_Description of the task_.
This task calls for every entry below to be repeated exactly, without the pictures.

_Image-backed grounding data_.
........

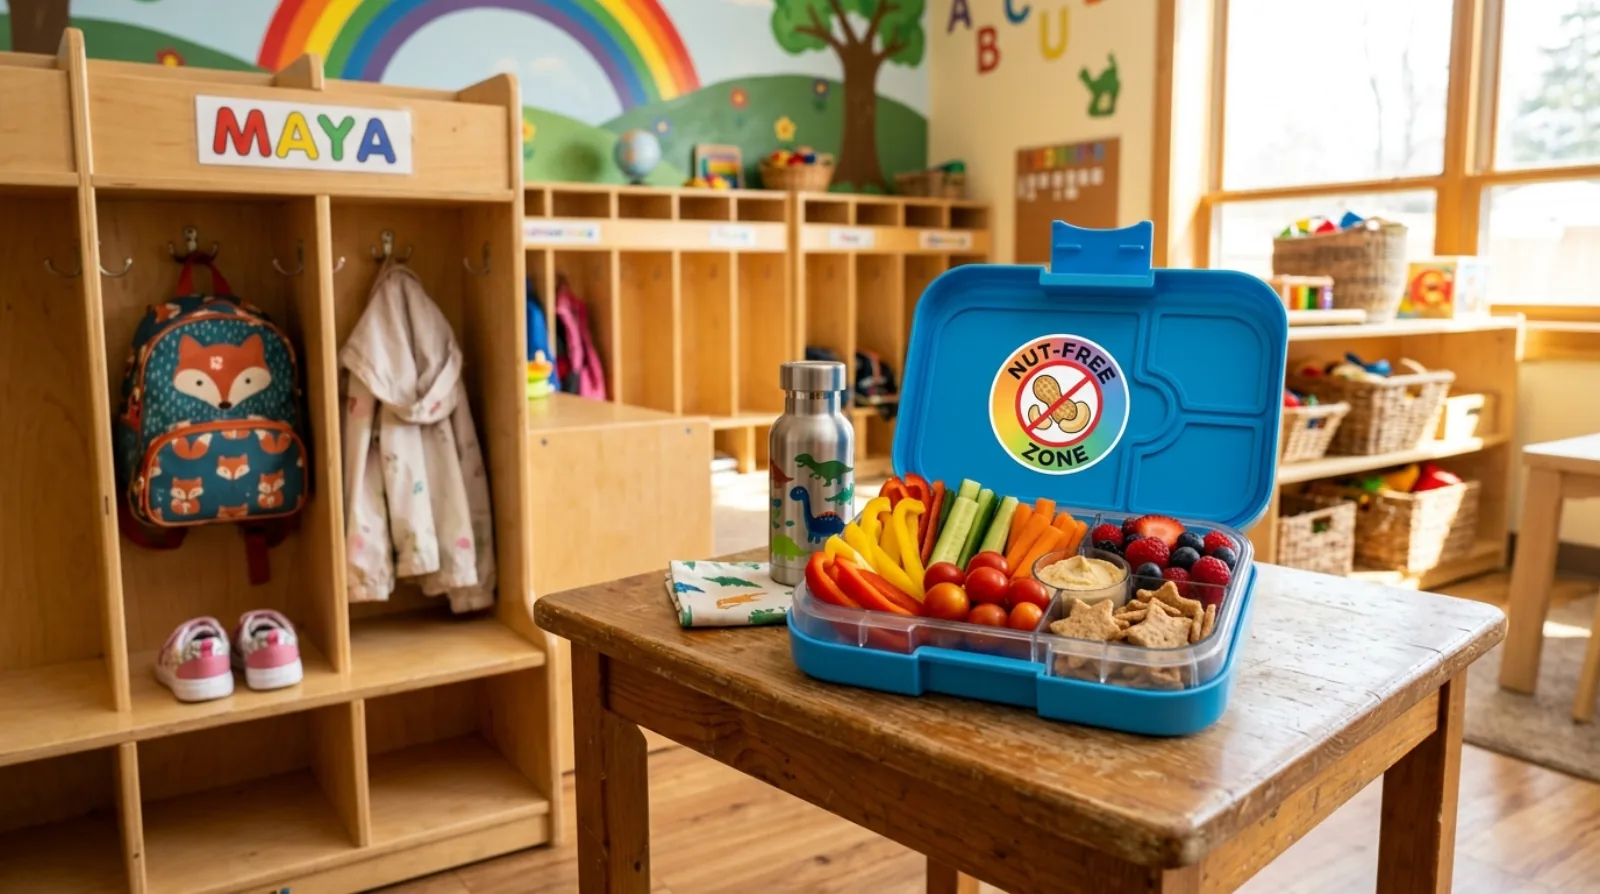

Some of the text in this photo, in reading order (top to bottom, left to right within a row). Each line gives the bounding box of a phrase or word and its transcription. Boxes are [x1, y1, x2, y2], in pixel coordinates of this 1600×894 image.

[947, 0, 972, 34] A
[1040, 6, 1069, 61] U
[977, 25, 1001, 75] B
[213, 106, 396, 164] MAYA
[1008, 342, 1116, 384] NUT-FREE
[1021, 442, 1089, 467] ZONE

........

_Written response_.
Some of the text in this photo, in reading order (top to bottom, left to right within a row). Each line gives the bounding box of a phrase or word and its transcription. Boxes are [x1, y1, x2, y2], in pixel coordinates of this 1600×894 image.

[947, 0, 972, 34] A
[1040, 6, 1069, 61] U
[977, 25, 1001, 75] B
[213, 106, 396, 164] MAYA
[1008, 342, 1116, 384] NUT-FREE
[1021, 442, 1089, 467] ZONE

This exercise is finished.